In March 2021 there will still be plenty of people asserting bookstores are indispensable. But do publishers really believe that any more?

When the Covid-19 pandemic first hit the UK and lockdown began it seemed like a watershed moment for UK publishing. Sure, online sales would continue, and ebooks would still be available, but without bricks & mortar bookstores…

Do not ask for who the bell tolls.

To imply bookstores might not be the most important part of the publishing food chain was heresy incarnate. Publishing equals bookstores. Online book sales, ebooks and all those other new-fangled nonsensical ways of getting books into consumers hands were just a sideshow. Bookstores were indispensable and every time a store closed its doors was another nail in the coffin of the publishing industry.

Or so we were led to believe by a publishing industry heavily invested in a physical print retail model that had worked tolerably well for countless decades and therefore wasn’t in need of fixing.

Then the British governments (England, Scotland, Wales – it’s a UK devolutionary thing. If you don’t live in the UK don’t even try to make sense of it. It’s barely comprehensible to most Brits!) started closing non-essential businesses, including bookstores, and the ensuing fear and panic in the UK publishing industry was tangible.

Fast forward to the first lockdown lifting and it was unsurprisingly bad news for bookstores, although some had managed to pivot to various semi-digital solutions.

But for publishers, the news was startlingly positive. They were not only selling more books with bookstores closed, but were making more profit.

Then came November and, barely were bookstores readying to make up their losses in the Christmas boom than another lockdown came.
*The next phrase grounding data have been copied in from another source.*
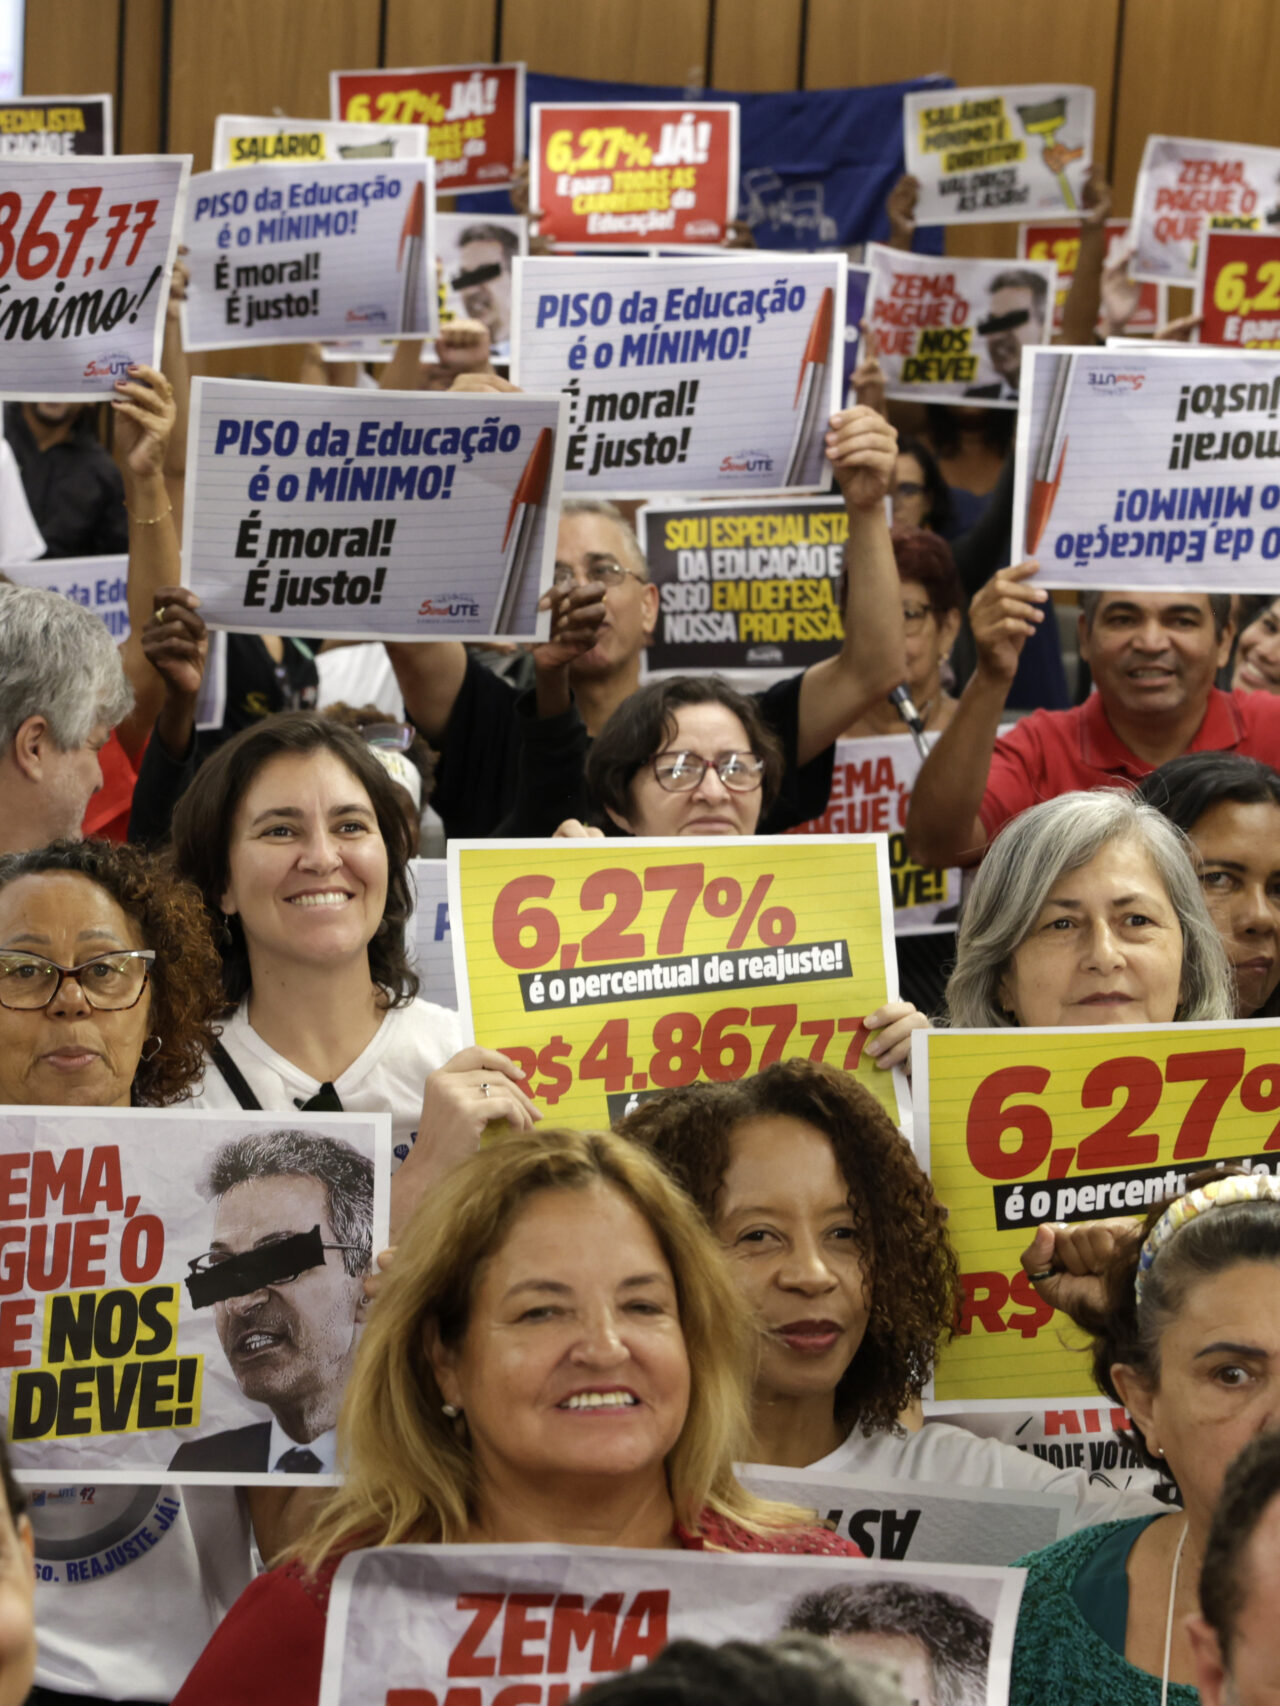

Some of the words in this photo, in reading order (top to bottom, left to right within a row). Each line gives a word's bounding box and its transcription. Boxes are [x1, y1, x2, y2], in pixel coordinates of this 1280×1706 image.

[545, 127, 651, 174] 6,27%
[653, 114, 711, 166] JÁ!
[194, 190, 249, 221] PISO
[254, 186, 282, 213] da
[289, 175, 401, 209] Educação
[1155, 188, 1230, 212] PAGUE
[218, 223, 231, 248] é
[237, 227, 251, 246] o
[257, 208, 358, 245] MÍNIMO!
[1154, 217, 1201, 243] QUE
[214, 255, 228, 290] É
[236, 252, 320, 288] moral!
[891, 273, 961, 300] ZEMA,
[1214, 262, 1280, 315] 6,2
[226, 292, 241, 324] É
[245, 289, 319, 328] justo!
[536, 292, 612, 328] PISO
[620, 291, 658, 324] da
[664, 278, 806, 323] Educação
[873, 300, 949, 327] PAGUE
[568, 336, 587, 370] é
[594, 343, 613, 369] o
[619, 324, 751, 367] MÍNIMO!
[921, 329, 969, 354] NOS
[902, 357, 977, 382] DEVE!
[584, 380, 699, 423] moral!
[215, 419, 299, 456] PISO
[306, 422, 350, 457] da
[356, 416, 521, 463] Educação
[565, 426, 587, 471] É
[589, 427, 691, 476] justo!
[249, 465, 269, 501] é
[277, 473, 299, 501] o
[306, 458, 456, 502] MÍNIMO!
[1114, 486, 1253, 528] MÍNIMO!
[235, 510, 262, 559] É
[266, 518, 396, 558] moral!
[665, 517, 708, 550] SOU
[1055, 524, 1207, 567] Educação
[1214, 527, 1254, 561] da
[678, 550, 710, 581] DA
[712, 541, 825, 581] EDUCAÇÃO
[827, 547, 842, 576] E
[244, 560, 269, 607] É
[270, 567, 387, 613] justo!
[662, 584, 710, 611] SIGO
[713, 582, 748, 611] EM
[751, 579, 834, 610] DEFESA
[665, 615, 737, 644] NOSSA
[739, 605, 845, 642] PROFISSÃ
[832, 756, 904, 801] EMA,
[892, 868, 945, 907] VE!
[493, 862, 796, 970] 6,27%
[529, 973, 545, 1003] é
[550, 978, 566, 1002] o
[570, 957, 699, 1004] percentual
[705, 954, 732, 983] de
[738, 942, 843, 983] reajuste!
[1005, 1185, 1024, 1221] é
[1030, 1194, 1050, 1218] o
[120, 1215, 164, 1283] O
[48, 1286, 174, 1362] NOS
[12, 1358, 198, 1440] DEVE!
[66, 1527, 158, 1583] REAJUSTE
[154, 1497, 180, 1531] JÁ!
And once again bookstores were not deemed essential.

This time the “bookstores are essential” brigade were a little less vocal. After all, if more books were sold during lockdown than before, clearly bookstores were not actually essential. So Boris Johnson did get one thing right in the otherwise disastrous year that was 2020.

And he threw bookstores a much-needed lifeline by letting them open again in December to reap the Christmas trade. So all’s well that ends well.

Except that no sooner had bookstores reopened than Johnson was closing them again. And we’ve now been told they will only reopen on April 12 – after the Easter holiday. And even that is dependent on the Covid-19 situation continuing its current perceived improvement, which leaves a big question mark over when bookstores might really re-open.

Johnson’s projection is that all restrictions will be lifted by July, but that’s based on presumptions that have yet to be tested. The vaccination’s perceived successes in bringing down Covid-19 infection rates need to be tempered by the reality that the country is in full lockdown so of course infection rates are falling. Whether the vaccination programme can hold its own in a society where there are no controls in place is still open to debate.

And also open to debate is how bookstores will fare once they are allowed to re-open in April.

There will of course be a surge in sales as eager bookstore lovers rush to their favourite haunts, but how many more will have succumbed to the charms of online buying and digital reading and decide maybe bookstores aren’t so essential in their lives after all?

And more importantly still, as publishers review their 2020 accounts and look at 2021 Q1 accounts, just how indispensable will bookstores appear to be to publishers as we move through this new decade.

Per a TNPS op-ed in January, UK bookstore retail faces an existential crisis as publishers come to terms with the cruel reality that 2020 was hugely successful for the industry, bookstores aside.

The UK publishing industry begins 2021 buoyant and optimistic, despite British bookstores in yet another lockdown.

Back in March 2020 when the first lockdown hit, there was almost no-one in the industry that would have said that was even conceivable.

Likewise, in March 2020 there was almost no-one would have said bookstores were anything other than indispensable to the industry.

In March 2021 there will still be plenty of people asserting bookstores are indispensable. But do publishers really believe that any more?